1922–23 Eastern Collegiate ice hockey standingsv; t; e;
|  | Intercollegiate |  |  |  |  |  |  |  | Overall |  |  |  |  |  |
| GP | W | L | T | Pct. | GF | GA | GP | W | L | T | GF | GA |
| Amherst | 8 | 4 | 3 | 1 | .563 | 15 | 24 |  | 8 | 4 | 3 | 1 | 15 | 24 |
| Army | 11 | 5 | 6 | 0 | .455 | 26 | 35 |  | 14 | 7 | 7 | 0 | 36 | 39 |
| Bates | 9 | 6 | 3 | 0 | .667 | 34 | 25 |  | 12 | 8 | 4 | 0 | 56 | 32 |
| Boston College | 5 | 5 | 0 | 0 | 1.000 | 30 | 6 |  | 14 | 12 | 1 | 1 | 53 | 18 |
| Boston University | 7 | 2 | 5 | 0 | .286 | 21 | 22 |  | 8 | 2 | 6 | 0 | 22 | 26 |
| Bowdoin | 6 | 3 | 3 | 0 | .500 | 18 | 28 |  | 9 | 5 | 4 | 0 | 37 | 33 |
| Clarkson | 3 | 1 | 1 | 1 | .500 | 3 | 14 |  | 6 | 2 | 3 | 1 | 18 | 28 |
| Colby | 6 | 2 | 4 | 0 | .333 | 15 | 21 |  | 6 | 2 | 4 | 0 | 15 | 21 |
| Columbia | 9 | 0 | 9 | 0 | .000 | 14 | 35 |  | 9 | 0 | 9 | 0 | 14 | 35 |
| Cornell | 6 | 1 | 3 | 2 | .333 | 6 | 16 |  | 6 | 1 | 3 | 2 | 6 | 16 |
| Dartmouth | 12 | 10 | 2 | 0 | .833 | 49 | 20 |  | 15 | 13 | 2 | 0 | 67 | 26 |
| Hamilton | 7 | 2 | 5 | 0 | .286 | 20 | 34 |  | 10 | 4 | 6 | 0 | 37 | 53 |
| Harvard | 10 | 7 | 3 | 0 | .700 | 27 | 11 |  | 12 | 8 | 4 | 0 | 34 | 19 |
| Maine | 6 | 2 | 4 | 0 | .333 | 16 | 23 |  | 6 | 2 | 4 | 0 | 16 | 23 |
| Massachusetts Agricultural | 9 | 3 | 4 | 2 | .444 | 13 | 24 |  | 9 | 3 | 4 | 2 | 13 | 24 |
| Middlebury | 3 | 0 | 3 | 0 | .000 | 1 | 6 |  | 3 | 0 | 3 | 0 | 1 | 6 |
| MIT | 8 | 3 | 5 | 0 | .375 | 16 | 52 |  | 8 | 3 | 5 | 0 | 16 | 52 |
| Pennsylvania | 6 | 1 | 4 | 1 | .250 | 8 | 36 |  | 7 | 2 | 4 | 1 | 11 | 38 |
| Princeton | 15 | 11 | 4 | 0 | .733 | 84 | 21 |  | 18 | 12 | 5 | 1 | 93 | 30 |
| Rensselaer | 5 | 1 | 4 | 0 | .200 | 6 | 23 |  | 5 | 1 | 4 | 0 | 6 | 23 |
| Saint Michael's | 3 | 1 | 2 | 0 | .333 | 4 | 5 |  | – | – | – | – | – | – |
| Union | 0 | 0 | 0 | 0 | – | 0 | 0 |  | 3 | 2 | 1 | 0 | – | – |
| Williams | 9 | 5 | 3 | 1 | .611 | 33 | 17 |  | 10 | 6 | 3 | 1 | 40 | 17 |
| Yale | 13 | 9 | 4 | 0 | .692 | 70 | 16 |  | 15 | 9 | 6 | 0 | 75 | 26 |

==Schedule and results==

| Date | Opponent | Site | Result | Record |
Regular Season
| December 21 | vs.

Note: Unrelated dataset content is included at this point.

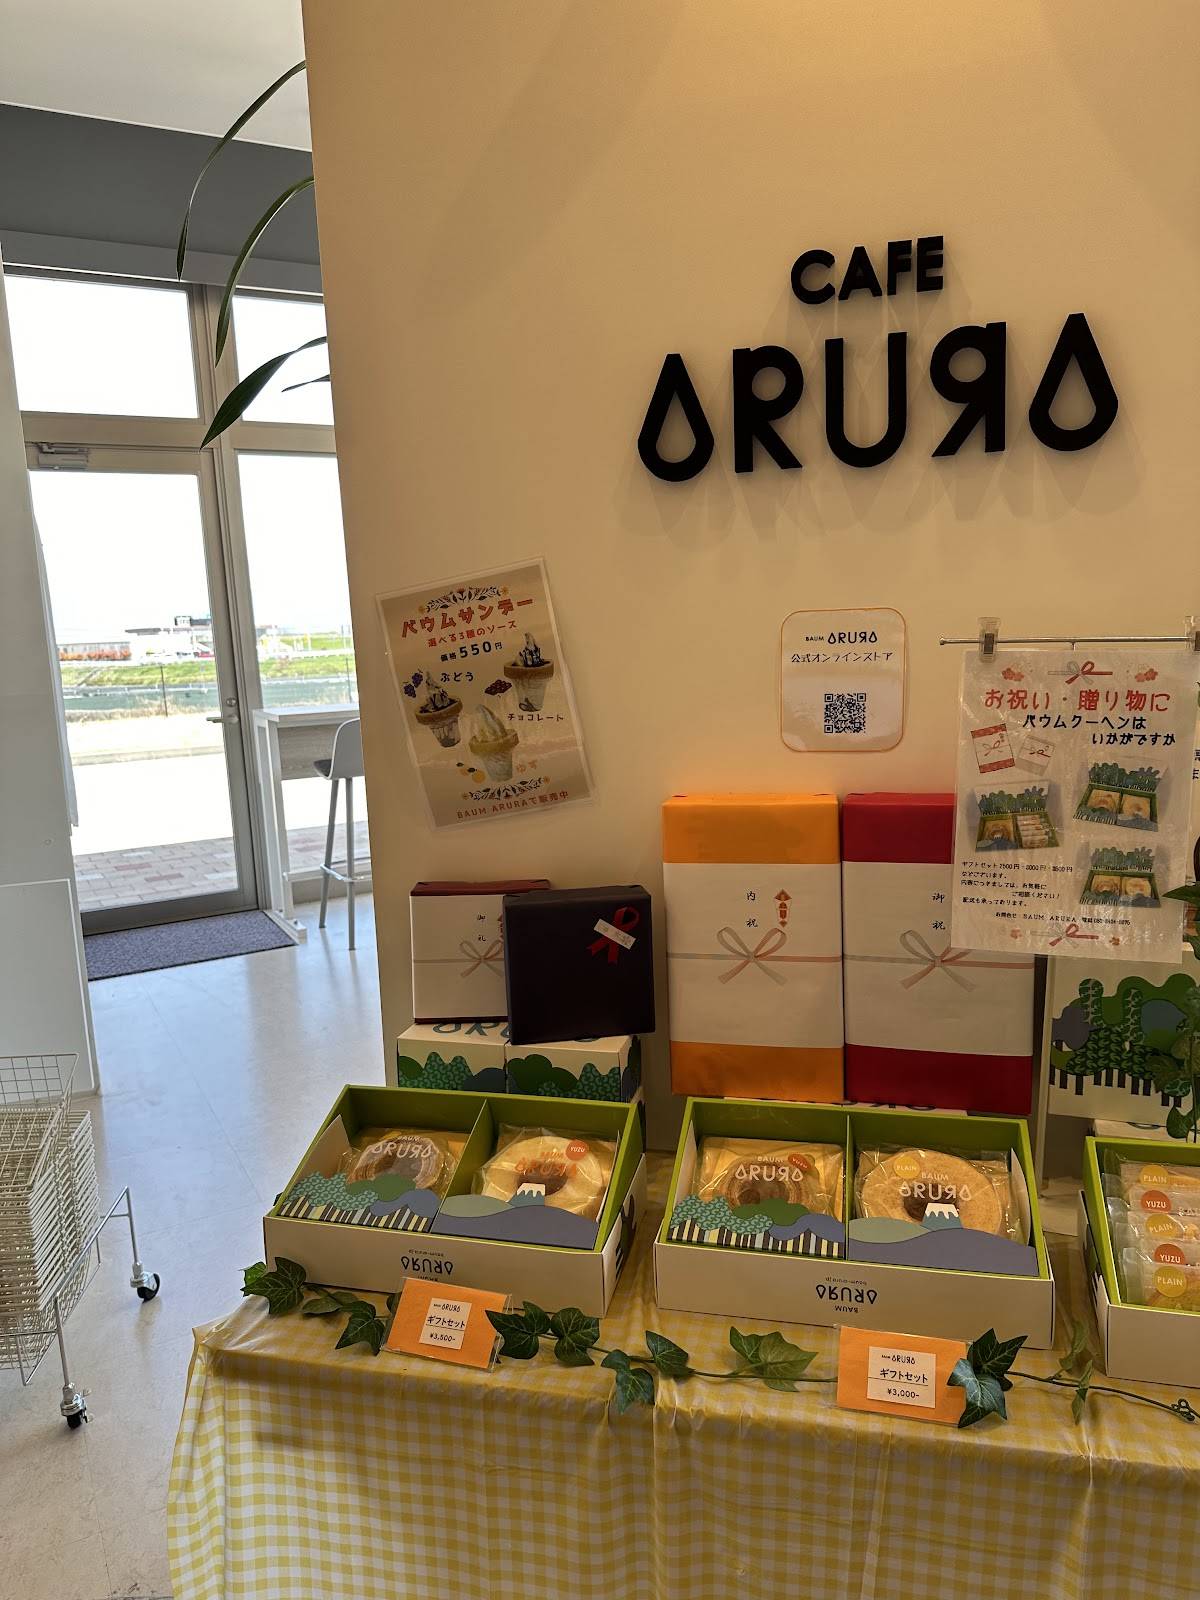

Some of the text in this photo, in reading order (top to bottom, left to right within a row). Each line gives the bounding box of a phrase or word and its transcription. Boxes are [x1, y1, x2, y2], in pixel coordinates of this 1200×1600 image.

Columbia* | Lake Placid Arena • Lake Placid, New York | W 2–1 | 1–0–0 |
| December 22 | vs. Columbia* | Lake Placid Arena • Lake Placid, New York | W 8–3 | 2–0–0 |
| December 24 | vs. Columbia* | Lake Placid Arena • Lake Placid, New York | W 7–0 ^{†} | 3–0–0 |
| January 1 | at Nichols Hockey Club* | Broadway Auditorium • Buffalo, New York | W 5–1 | 4–0–0 |
| January 2 | at Nichols Hockey Club* | Broadway Auditorium • Buffalo, New York | W 3–2 | 5–0–0 |
| January 12 | at Hamilton* | Russell Sage Rink • Clinton, New York | W 6–2 | 6–0–0 |
| January 13 | at Cornell* | Beebe Lake • Ithaca, New York | W 4–2 ^{2OT} | 7–0–0 |
| January 20 | at Williams* | Weston Field Rink • Williamstown, Massachusetts | W 6–5 ^{3OT} | 8–0–0 |
| February 3 | Massachusetts Agricultural* | Occom Pond • Hanover, New Hampshire | W 5–1 | 9–0–0 |
| February 6 | at Yale* | New Haven Arena • New Haven, Connecticut | W 3–2 | 10–0–0 |
| February 7 | at Army* | Stuart Rink • West Point, New York | L 0–1 | 10–1–0 |
| February 10 | MIT* | Occom Pond • Hanover, New Hampshire | W 6–0 | 11–1–0 |
| February 17 | at St. Paul's School* | St. Paul's Rink • Concord, New Hampshire | W 10–3 | 12–1–0 |
| February 21 | at Harvard* | Boston Arena • Boston, Massachusetts | W 1–0 | 13–1–0 |
| March 3 | at Princeton* | Hobey Baker Memorial Rink • Princeton, New Jersey | L 1–3 | 13–2–0 |
*Non-conference game.

† Dartmouth records have the score at 0–7 while contemporary accounts list the final as 0–2.